Roma, 5 Aprile – Il primo giorno del mese di dicembre 2014, intorno alle ore 14.00, il lungolago di Pallanza, ancora segnato dalla recente alluvione, semideserto,  sotto un cielo ingombro di nuvole scure, mi appare  come percorso da brividi  di malinconia. Alcune persone, salgono come me e Luciano Pasqualon, presidente emerito dell’ANC di Verbania  , la larga scalinata che immette sul sagrato della Chiesa di San Leonardo, per salutare Adriana, deceduta 2 giorni prima, novantacinquenne. Ci accoglie il figlio Romano con gli altri parenti e la nidiata di nipoti e pronipoti. Intanto arriva anche Francesco Velardita, il comune amico segretario comunale di tanti anni fa. Il rito funebre si svolge in compostezza e serenità, guidata dai celebranti  che evidenziano la pregressa conoscenza della defunta e dei suoi congiunti. Per  concretizzare il mio senso di affetto nei suoi confronti, chiedo di poter effettuare le letture consuete della celebrazione eucaristica, il mio ultimo omaggio alla donna che le circostanze della vita mi hanno portato a conoscere ed a stabilire con lei un filiale legame affettivo.

Conobbi Adriana Fontanot nel settembre 1961, al mio arrivo alla stazione carabinieri di Premosello Chiovenda, la mia prima destinazione  da vicebrigadiere, nominato  dopo il biennio Moncalieri-Firenze nel mese di agosto dello stesso anno, e poi assegnato alla Legione di Torino (mitica, nello spirito di corpo di allora, era denominata La Legione; solo  le restanti avevano bisogno della denominazione). Vi giunsi dopo un estenuante viaggio sulle linee ferroviarie interne  da Torino, in perfetta uniforme  kaki, soggolo, buffetterie alleate, moschetto mod. 91/38, cavigliere smaltate di bianco, borsa valigia in tela con apposito contenitore profilato per la “lucerna”, cassetta d’ordinanza da scaricare dal vagone merci. La casa al seguito, come le tartarughe.  Oggi si direbbe, assolutamente ed immediatamente operativi.

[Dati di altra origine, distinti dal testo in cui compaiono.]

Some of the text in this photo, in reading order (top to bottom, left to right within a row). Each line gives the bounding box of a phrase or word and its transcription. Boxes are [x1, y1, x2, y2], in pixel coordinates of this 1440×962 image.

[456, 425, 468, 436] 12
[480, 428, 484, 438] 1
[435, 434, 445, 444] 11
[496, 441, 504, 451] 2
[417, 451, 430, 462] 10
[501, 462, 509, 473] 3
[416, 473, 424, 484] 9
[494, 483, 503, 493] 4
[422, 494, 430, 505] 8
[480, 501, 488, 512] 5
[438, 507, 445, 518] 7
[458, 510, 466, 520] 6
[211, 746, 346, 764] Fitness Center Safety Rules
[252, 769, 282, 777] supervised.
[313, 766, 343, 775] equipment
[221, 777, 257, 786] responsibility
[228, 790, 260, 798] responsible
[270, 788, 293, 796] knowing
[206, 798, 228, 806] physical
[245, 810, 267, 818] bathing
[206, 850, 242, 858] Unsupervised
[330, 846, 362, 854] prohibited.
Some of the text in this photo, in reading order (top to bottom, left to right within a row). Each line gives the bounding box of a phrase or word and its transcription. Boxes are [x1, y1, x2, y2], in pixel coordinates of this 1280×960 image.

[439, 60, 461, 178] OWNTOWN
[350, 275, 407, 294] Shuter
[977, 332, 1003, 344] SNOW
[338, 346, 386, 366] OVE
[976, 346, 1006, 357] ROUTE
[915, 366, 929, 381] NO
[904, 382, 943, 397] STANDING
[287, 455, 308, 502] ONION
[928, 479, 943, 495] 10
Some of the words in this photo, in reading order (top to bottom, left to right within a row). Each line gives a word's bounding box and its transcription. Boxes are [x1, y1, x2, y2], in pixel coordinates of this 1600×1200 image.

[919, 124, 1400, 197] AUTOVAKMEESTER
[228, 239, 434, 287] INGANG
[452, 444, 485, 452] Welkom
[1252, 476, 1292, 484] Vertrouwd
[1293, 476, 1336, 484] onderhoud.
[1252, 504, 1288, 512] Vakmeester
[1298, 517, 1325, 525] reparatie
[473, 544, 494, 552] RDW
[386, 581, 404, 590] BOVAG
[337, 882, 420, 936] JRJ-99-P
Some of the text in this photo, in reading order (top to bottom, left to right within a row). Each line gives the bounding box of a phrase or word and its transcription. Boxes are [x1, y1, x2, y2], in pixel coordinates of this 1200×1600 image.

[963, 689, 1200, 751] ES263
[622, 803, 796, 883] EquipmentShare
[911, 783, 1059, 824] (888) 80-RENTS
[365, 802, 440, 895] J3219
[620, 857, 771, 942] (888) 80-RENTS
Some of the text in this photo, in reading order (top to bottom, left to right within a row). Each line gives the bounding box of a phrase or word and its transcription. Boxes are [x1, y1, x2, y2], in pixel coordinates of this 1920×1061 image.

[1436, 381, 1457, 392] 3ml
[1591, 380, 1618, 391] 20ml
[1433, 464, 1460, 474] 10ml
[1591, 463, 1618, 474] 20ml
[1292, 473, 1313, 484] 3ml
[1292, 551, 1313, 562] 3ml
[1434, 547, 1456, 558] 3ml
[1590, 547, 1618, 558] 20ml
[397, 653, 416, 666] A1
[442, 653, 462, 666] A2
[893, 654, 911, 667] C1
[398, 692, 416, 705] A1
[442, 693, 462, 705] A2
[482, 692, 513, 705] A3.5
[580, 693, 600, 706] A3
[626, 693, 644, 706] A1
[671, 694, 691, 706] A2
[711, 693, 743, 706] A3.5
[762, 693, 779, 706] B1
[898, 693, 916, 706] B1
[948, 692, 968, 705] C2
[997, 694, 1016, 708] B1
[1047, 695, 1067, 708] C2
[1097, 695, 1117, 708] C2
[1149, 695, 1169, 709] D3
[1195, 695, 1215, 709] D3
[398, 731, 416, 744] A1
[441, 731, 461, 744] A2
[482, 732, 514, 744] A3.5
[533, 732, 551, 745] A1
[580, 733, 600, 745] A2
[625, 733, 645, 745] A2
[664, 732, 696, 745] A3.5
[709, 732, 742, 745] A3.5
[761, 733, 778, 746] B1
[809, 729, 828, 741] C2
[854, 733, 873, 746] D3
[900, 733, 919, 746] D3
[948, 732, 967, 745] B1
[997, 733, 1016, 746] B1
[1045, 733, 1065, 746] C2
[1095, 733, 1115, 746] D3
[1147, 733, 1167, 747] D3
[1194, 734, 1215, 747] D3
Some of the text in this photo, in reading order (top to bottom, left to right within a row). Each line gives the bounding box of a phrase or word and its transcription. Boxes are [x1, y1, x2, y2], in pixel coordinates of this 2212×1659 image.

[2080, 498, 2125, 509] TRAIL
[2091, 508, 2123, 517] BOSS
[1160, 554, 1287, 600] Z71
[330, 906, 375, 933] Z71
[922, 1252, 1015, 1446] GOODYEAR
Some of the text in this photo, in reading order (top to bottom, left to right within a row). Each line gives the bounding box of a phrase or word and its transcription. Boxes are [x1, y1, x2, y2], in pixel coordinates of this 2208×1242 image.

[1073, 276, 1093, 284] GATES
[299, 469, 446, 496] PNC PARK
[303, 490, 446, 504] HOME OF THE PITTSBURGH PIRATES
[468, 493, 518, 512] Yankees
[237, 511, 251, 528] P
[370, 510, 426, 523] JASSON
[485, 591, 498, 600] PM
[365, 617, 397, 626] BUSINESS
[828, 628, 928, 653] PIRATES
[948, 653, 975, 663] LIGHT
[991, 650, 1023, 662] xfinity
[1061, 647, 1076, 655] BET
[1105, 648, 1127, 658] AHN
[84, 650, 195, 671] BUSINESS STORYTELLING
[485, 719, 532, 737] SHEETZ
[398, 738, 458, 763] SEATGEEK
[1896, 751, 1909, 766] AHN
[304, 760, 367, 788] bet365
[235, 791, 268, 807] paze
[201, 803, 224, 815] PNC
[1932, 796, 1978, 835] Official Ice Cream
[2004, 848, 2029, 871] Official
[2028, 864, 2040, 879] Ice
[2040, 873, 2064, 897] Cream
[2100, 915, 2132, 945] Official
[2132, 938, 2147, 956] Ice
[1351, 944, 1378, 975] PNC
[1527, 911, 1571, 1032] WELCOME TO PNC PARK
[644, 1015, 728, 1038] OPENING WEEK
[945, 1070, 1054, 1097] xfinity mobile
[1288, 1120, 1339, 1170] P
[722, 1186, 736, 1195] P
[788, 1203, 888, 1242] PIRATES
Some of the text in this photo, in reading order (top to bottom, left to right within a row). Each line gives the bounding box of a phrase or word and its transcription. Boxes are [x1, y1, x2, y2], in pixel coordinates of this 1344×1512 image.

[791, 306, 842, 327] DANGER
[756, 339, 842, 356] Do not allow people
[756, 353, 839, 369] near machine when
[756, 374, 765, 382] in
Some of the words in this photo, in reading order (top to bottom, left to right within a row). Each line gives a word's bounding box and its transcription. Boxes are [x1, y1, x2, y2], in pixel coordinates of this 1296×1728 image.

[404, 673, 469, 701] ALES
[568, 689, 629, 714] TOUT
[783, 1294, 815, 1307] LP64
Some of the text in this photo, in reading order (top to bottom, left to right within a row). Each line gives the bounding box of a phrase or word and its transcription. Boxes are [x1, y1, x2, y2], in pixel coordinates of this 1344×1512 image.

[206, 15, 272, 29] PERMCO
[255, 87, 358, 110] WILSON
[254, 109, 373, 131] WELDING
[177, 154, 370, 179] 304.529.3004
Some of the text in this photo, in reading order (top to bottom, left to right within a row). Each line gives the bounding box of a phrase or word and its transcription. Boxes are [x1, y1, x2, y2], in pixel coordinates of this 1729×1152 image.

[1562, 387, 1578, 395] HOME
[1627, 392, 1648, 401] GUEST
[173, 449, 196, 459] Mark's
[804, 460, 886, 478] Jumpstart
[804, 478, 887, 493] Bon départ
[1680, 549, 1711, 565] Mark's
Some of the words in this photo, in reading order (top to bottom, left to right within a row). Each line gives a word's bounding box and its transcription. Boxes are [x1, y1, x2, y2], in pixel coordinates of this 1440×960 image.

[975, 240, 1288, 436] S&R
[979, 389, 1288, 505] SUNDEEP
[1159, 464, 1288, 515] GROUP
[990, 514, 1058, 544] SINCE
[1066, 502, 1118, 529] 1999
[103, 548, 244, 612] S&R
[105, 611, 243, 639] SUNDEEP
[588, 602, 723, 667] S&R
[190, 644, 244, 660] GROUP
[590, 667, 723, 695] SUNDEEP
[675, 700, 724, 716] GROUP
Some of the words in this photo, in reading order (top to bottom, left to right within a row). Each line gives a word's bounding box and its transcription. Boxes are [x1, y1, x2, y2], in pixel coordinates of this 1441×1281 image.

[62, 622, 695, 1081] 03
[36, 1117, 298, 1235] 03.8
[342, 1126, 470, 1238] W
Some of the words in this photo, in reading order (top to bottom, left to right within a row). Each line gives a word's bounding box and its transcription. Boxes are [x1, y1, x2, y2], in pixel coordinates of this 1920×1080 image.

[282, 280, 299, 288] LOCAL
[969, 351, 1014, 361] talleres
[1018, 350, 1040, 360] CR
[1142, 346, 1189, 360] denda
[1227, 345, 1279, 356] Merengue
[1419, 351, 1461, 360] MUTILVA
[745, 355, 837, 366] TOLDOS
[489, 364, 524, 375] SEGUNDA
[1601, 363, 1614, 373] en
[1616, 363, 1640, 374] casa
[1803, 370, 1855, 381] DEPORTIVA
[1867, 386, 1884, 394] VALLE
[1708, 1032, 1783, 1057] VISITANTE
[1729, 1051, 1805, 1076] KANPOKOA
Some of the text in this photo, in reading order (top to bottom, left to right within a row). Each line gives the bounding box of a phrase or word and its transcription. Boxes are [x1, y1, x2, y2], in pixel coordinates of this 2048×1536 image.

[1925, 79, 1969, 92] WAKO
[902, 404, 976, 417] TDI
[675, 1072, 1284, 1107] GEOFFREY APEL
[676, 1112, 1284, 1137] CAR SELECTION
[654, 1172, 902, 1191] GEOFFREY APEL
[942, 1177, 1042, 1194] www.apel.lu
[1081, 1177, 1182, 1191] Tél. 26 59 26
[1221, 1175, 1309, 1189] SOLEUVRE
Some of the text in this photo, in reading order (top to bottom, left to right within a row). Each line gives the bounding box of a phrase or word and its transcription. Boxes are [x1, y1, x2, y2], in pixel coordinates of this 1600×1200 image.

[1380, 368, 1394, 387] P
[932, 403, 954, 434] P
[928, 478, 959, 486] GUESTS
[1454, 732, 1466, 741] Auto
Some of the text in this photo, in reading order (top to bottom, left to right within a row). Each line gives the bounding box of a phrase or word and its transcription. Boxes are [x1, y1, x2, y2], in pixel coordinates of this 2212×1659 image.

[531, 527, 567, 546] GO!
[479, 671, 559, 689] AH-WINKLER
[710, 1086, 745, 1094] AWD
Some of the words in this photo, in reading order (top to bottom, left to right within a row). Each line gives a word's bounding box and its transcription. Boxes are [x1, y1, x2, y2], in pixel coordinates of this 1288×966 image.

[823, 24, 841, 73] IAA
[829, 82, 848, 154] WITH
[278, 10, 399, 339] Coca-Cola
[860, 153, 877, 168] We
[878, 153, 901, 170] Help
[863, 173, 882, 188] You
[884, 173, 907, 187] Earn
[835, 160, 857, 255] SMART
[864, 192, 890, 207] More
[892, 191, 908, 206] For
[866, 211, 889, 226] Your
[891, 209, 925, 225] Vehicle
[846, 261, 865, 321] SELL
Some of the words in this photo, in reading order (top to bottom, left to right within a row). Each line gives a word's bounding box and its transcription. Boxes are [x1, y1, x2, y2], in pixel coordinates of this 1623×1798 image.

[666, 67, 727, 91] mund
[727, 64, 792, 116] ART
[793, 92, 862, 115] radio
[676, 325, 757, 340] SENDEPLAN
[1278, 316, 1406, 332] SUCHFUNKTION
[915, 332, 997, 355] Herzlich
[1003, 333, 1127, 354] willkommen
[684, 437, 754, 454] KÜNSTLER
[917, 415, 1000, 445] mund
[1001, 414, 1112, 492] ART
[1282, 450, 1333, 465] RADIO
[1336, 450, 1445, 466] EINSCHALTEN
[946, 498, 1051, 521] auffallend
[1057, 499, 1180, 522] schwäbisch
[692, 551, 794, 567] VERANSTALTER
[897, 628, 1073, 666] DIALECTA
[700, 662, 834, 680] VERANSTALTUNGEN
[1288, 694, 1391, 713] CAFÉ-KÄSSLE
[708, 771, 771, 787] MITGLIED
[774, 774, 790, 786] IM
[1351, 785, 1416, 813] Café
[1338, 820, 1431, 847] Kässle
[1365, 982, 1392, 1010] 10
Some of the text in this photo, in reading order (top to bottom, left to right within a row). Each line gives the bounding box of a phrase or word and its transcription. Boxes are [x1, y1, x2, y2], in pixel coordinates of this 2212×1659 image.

Era la moglie del maresciallo Mario Pastorelli, comandante della stazione, torinese puro sangue, che con l’andar del tempo ho definito il mio primo e inimitabile maestro, paragonandone la figura  a quella del “maresciallo” protagonista dei romanzi  di Mario Soldati. La immediata conoscenza della famiglia del maresciallo era d’obbligo, in quanto l’edificio di origine rurale adibito a caserma, aveva un comune ingresso ed un promiscuo percorso, per salire all’alloggio di servizio, all’ultimo piano.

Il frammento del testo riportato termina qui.